Background: Primary insomnia is one of the most common issues for adults. However, whether to use music intervention as a non-pharmacological method of treatment, as well as which treatment should be preferred, is still a matter of controversy. Therefore, we aimed to compare and rank music interventions and no-music controls for primary insomnia patients.
Methods: A network meta-analysis was used to identify evidence from relevant clinical trials. We searched PubMed, Embase, the Cochrane Library, and the China National Knowledge Infrastructure Library for publications up to May 2017, pertaining to music intervention for primary insomnia patients.
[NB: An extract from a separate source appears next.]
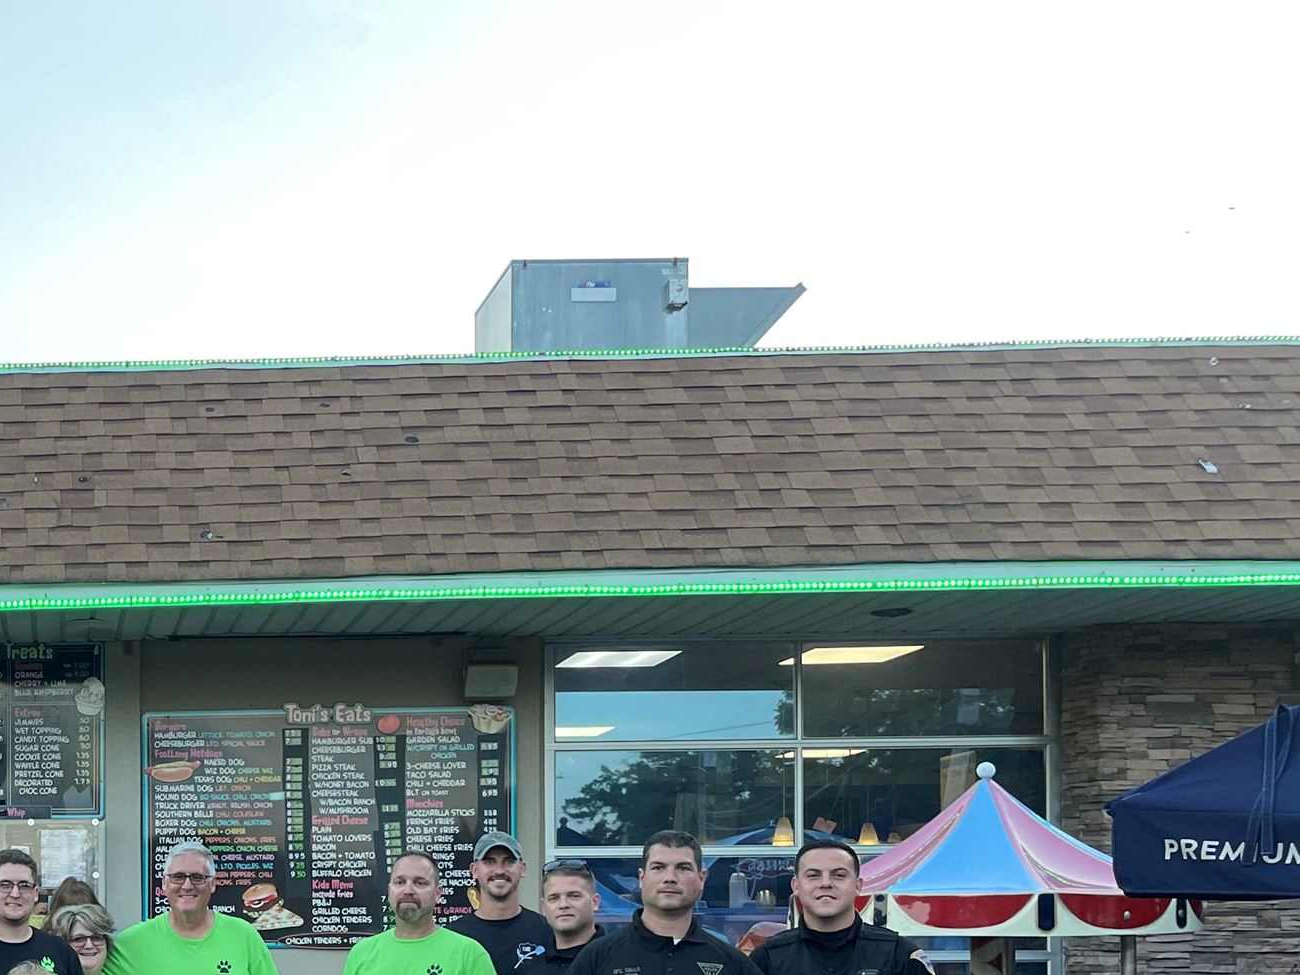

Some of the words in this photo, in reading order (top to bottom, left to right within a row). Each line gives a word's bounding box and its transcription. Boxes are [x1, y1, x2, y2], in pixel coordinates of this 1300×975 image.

The prespecified primary outcome was sleep quality (scored by the PSQI and overall), and the secondary outcomes were sleep onset latency and sleep efficiency. We did pairwise meta-analyses using the random-effects model, later completing the random-effects network meta-analyses. The study was registered with PROSPERO, number CRD42017064750.
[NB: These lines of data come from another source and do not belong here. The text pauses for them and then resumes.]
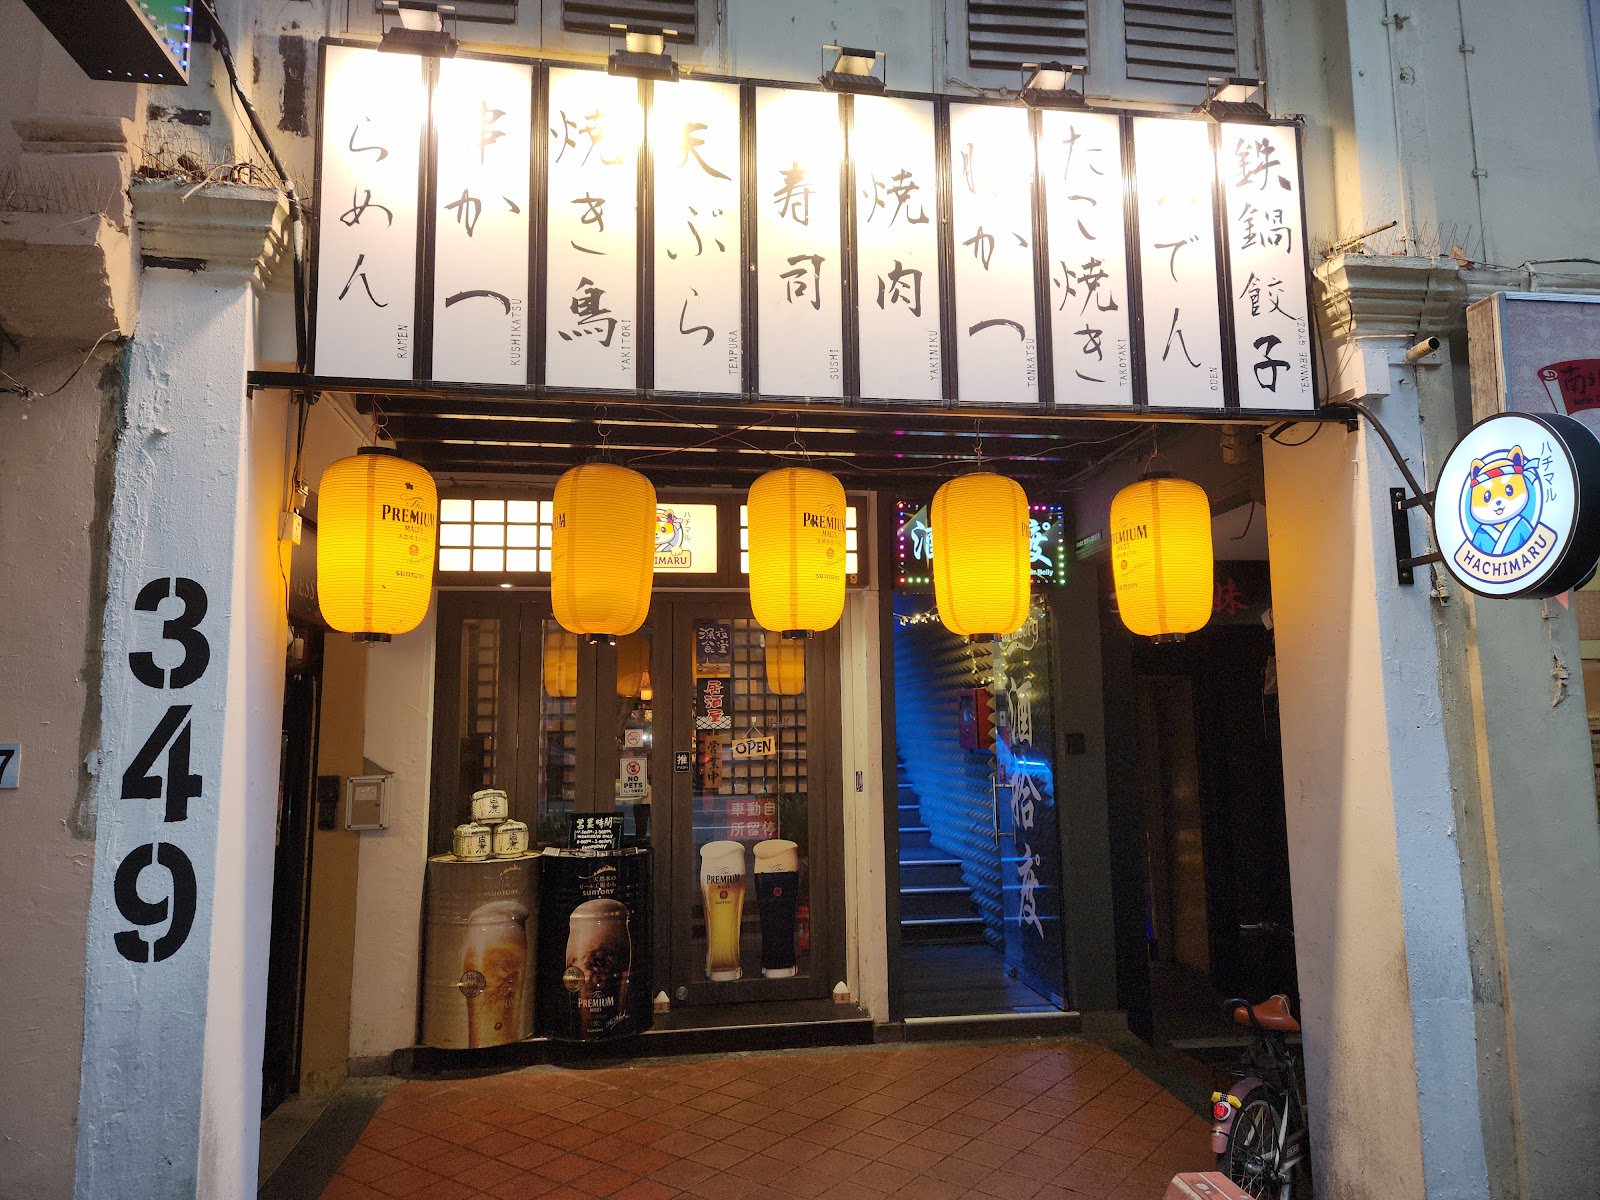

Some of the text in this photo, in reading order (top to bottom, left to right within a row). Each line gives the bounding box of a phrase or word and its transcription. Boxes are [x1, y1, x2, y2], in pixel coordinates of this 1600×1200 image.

[339, 115, 394, 309] らめん
[444, 100, 521, 315] 串かつ
[549, 107, 623, 348] 焼き鳥
[773, 161, 824, 311] 寿司
[861, 168, 930, 318] 焼肉
[1052, 125, 1119, 384] たこ焼き
[397, 324, 408, 359] RAMEN
[510, 298, 522, 366] KUSHIKATSU
[621, 319, 631, 371] YAKITORI
[728, 330, 739, 375] TENPURA
[1296, 316, 1310, 393] TENNABE GYOZA
[829, 348, 839, 380] SUSHI
[928, 330, 939, 381] YAKINIKU
[1025, 338, 1036, 387] TONKATSU
[1118, 338, 1128, 387] TAKOYAKI
[1209, 367, 1219, 391] ODEN
[1540, 441, 1557, 503] ハチマル
[382, 504, 434, 529] PREMIUM
[684, 511, 692, 541] ハチマル
[654, 556, 688, 565] IMARU
[1463, 533, 1547, 576] HACHIMARU
[698, 627, 729, 641] 深夜
[701, 640, 730, 654] 食堂
[703, 681, 724, 723] 居酒屋
[114, 577, 210, 962] 349
[676, 754, 688, 765] 推
[735, 739, 771, 755] OPEN
[706, 874, 740, 884] PREMIUM
[578, 996, 614, 1008] PREMIUM
Results: We deemed 20 trials to be eligible, involving 1339 patients and 12 intervention arms. For PSQI scores, all intervention arms were statistically more effective than the usual care, with patients ranking listening to music as the best means of intervention (SMD: -0.61, 95%CrI: -1.01 to -0.20). For overall sleep quality, only music-associated relaxation was statistically more effective than the patients' usual care (-0.28, -0.48 to -0.08). In terms of sleep onset latency, music-associated relaxation and listening to music had significant advantages (-0.26, -0.64 to -0.09, and -0.28, -0.53 to -0.02); listening to music and music with exercise displayed a tendency to improve sleep efficiency.
Conclusions: When considering the efficacy, music intervention seemed to offer clear advantages for adults with primary insomnia. Listening to music and music-associated relaxation are probably the best options to consider in the application of music intervention.
Keywords: Adults; Music; Network meta-analysis; Primary insomnia; Sleep quality.